During his studies at Yale in preparation for his dissertation, Irving had been conducting research in India in 1968–69. Irving had placed all his research material in two trunks that were shipped from New Delhi to Hartford. Upon his return to Yale in 1969, he discovered that Pan American World Airways had lost his research. The airline permitted Irving to visit John F. Kennedy Airport to search through 16 acres (not 60, as stated in a news article) of unclaimed luggage. He was able to locate one trunk, but the contents had become damaged and useless because of exposure to the weather. Irving filed a successful $15,000 (not $35,000, as stated in a press article) lawsuit to recoup expenses accrued on his return to India to redo his entire research and photography. Discovered too late to be of use, the second trunk surfaced at a Boston airport warehouse after more than four years.
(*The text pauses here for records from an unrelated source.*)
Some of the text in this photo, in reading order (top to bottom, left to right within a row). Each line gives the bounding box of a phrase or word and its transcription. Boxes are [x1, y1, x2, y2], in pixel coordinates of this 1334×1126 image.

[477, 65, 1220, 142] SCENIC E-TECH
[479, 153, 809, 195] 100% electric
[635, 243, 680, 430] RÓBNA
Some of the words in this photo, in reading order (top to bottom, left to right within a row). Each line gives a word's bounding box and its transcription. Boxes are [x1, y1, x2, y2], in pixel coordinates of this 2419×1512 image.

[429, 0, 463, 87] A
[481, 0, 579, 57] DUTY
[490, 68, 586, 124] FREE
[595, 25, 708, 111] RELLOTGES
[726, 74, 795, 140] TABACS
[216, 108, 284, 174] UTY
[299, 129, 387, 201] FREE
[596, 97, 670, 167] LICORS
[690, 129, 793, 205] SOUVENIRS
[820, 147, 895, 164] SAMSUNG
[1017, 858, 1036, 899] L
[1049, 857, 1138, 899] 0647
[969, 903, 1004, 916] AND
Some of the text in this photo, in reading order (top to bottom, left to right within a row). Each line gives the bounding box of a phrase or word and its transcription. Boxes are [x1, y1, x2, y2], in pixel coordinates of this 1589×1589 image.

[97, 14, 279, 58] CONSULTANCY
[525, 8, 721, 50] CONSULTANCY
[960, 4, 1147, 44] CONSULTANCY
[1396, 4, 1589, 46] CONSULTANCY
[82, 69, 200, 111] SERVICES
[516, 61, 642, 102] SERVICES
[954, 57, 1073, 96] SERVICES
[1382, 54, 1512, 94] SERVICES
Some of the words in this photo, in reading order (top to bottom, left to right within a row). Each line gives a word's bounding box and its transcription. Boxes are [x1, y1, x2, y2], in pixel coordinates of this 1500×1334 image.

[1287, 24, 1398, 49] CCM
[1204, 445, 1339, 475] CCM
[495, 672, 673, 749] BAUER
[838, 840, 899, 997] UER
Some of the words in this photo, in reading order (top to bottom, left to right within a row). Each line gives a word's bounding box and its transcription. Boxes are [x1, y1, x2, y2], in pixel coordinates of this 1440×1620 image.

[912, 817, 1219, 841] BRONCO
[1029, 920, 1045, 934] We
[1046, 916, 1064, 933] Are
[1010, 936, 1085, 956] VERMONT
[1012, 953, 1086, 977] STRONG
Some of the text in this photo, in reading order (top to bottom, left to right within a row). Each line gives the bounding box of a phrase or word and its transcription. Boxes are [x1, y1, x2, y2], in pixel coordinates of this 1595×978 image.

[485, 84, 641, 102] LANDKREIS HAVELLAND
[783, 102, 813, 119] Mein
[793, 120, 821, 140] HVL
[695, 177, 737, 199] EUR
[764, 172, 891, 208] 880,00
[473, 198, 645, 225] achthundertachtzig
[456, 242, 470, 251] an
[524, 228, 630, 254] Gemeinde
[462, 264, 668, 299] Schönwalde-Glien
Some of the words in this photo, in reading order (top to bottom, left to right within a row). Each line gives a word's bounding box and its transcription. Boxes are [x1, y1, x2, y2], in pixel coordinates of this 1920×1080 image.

The completed dissertation became the basis for the award-winning book Indian Summer.

==Selected works==
- Articles and reviews for Architecture (American Institute of Architects), Perspecta (Yale School of Architecture), Progressive Architecture, and House and Garden.
- Indian Summer: Lutyens, Baker, and Imperial Delhi, published by Yale University Press (London) in November 1981, Yale University Press (New Haven) in April 1982, and Oxford University Press (New Delhi) in May 1982. Second printing, May 1982. Paperbound edition, August 1983. Third printing, December 1983.
- "Bombay and Imperial Delhi: Cities as Symbols." In Lutyens Abroad: The Work of Sir Edwin Lutyens outside the British Isles, edited by Andrew Hopkins and Gavin Stamp, pp. 169–180. London: The British School at Rome, 2002.
- "Art for Empire's Sake: Architecture and Symbolism in British India." In Architectural Culture circa 1900, edited by Claudia Shmidt and Fabio Grimentieri. Buenos Aires: Torcuato Di Tella University and UNESCO, 2003.